Sounds like you are now disagreeing with what you said earlier.
> Nets are like the brain in several
> ways, for example, both have interconnected units - in the brain these
> are neurons which send messages across a synapse and in nets these are
> connecting nodes; both have positive and negative connections which
> means that the neurons/nodes can have either excitatory or inhibitory
> effects on surrounding ones.
Most nets only have one kind, though.
> Both nodes and neurons pass activity to
> each other. The brain does this through action potentials and nets do
> it via a transfer function which means spreading activation, i.e. when
> one node is activated it brings those it is connected to into a similar
> state of activation. This process is called propogation. Also, like the
> brain, the connections in nets can become weaker or stronger and can be
> coded locally or in a distributed way. A final similarity between nets
> and the brain is they both have the ability to learn new things.
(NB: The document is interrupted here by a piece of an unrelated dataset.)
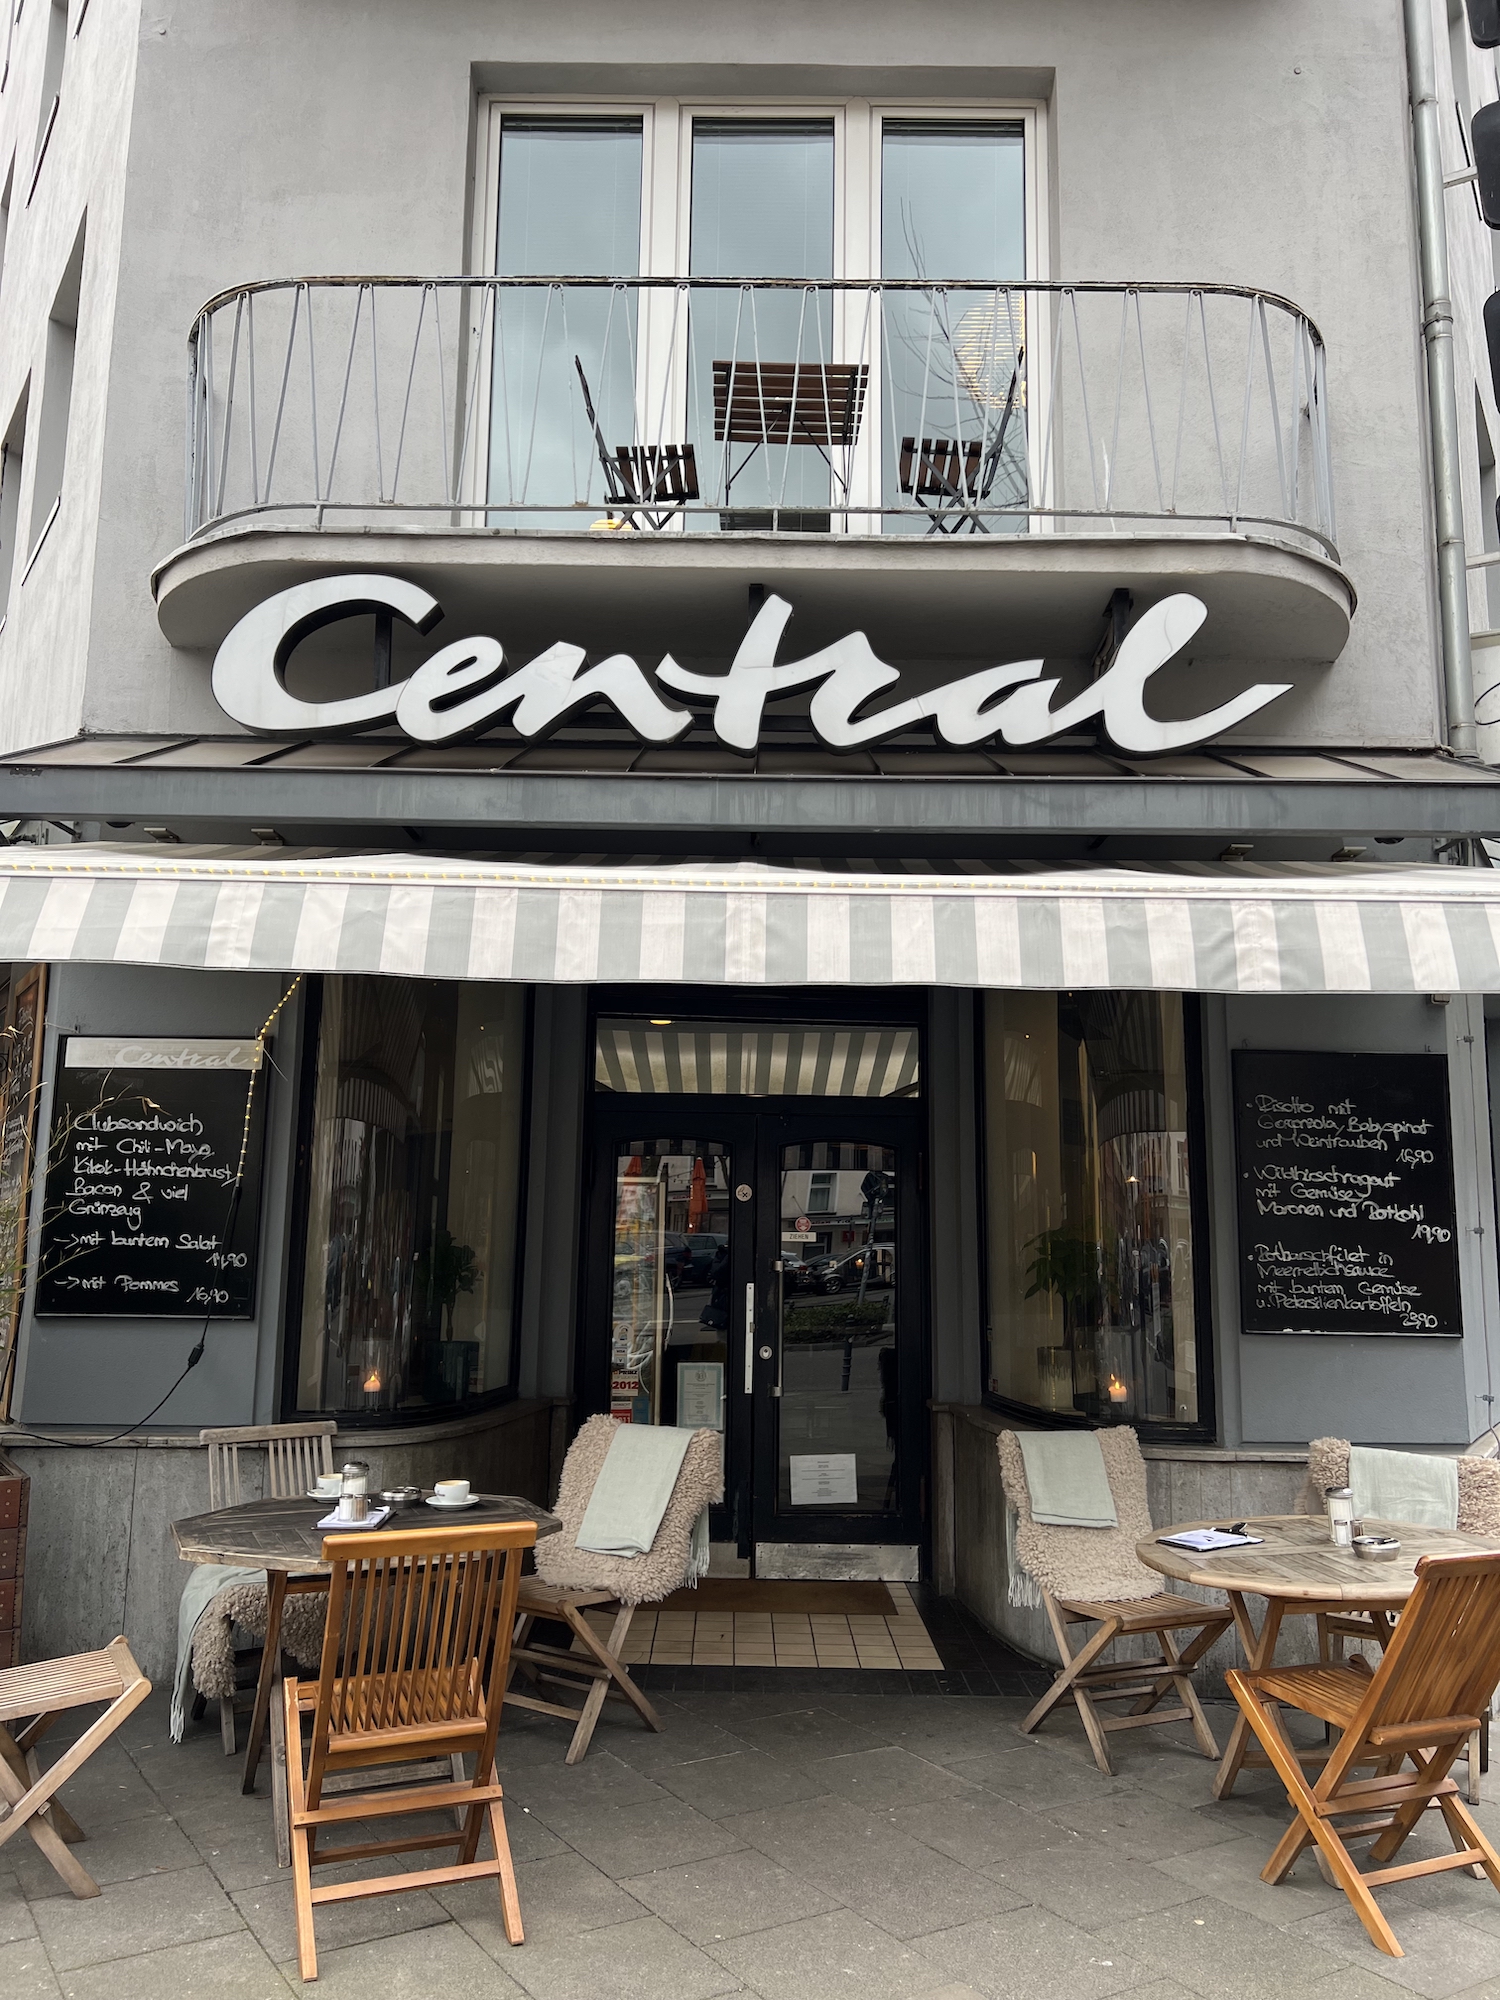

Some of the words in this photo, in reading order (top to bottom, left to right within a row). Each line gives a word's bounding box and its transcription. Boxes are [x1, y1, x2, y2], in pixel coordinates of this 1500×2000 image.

> However, there is evidence of differences between the brain and nets.
> For example, nets are arranged in layers but the brain is not
We don't know whether there are "layers" of "hidden unit" in the brain,
in the neural-net sense; but there are certainly plenty of
interneurones, neither sensory nor motor, i.e., neither "input-layer"
> and they
> are very different in terms of biology.
What does that mean (to kid-sib)?
> Also, nets are not efficient at
> logical reasoning or language whereas the brain can cope with these
> well. Nets are similar to the brain in some respects but not others so
> perhaps as we learn more we can develop them so that they can do more
> of the things we do.
Not bad. For a higher mark, sort out the conflated issues, and relate to
the bigger questions, about computation, cognition, and categorisation,
as well as reverse engineering.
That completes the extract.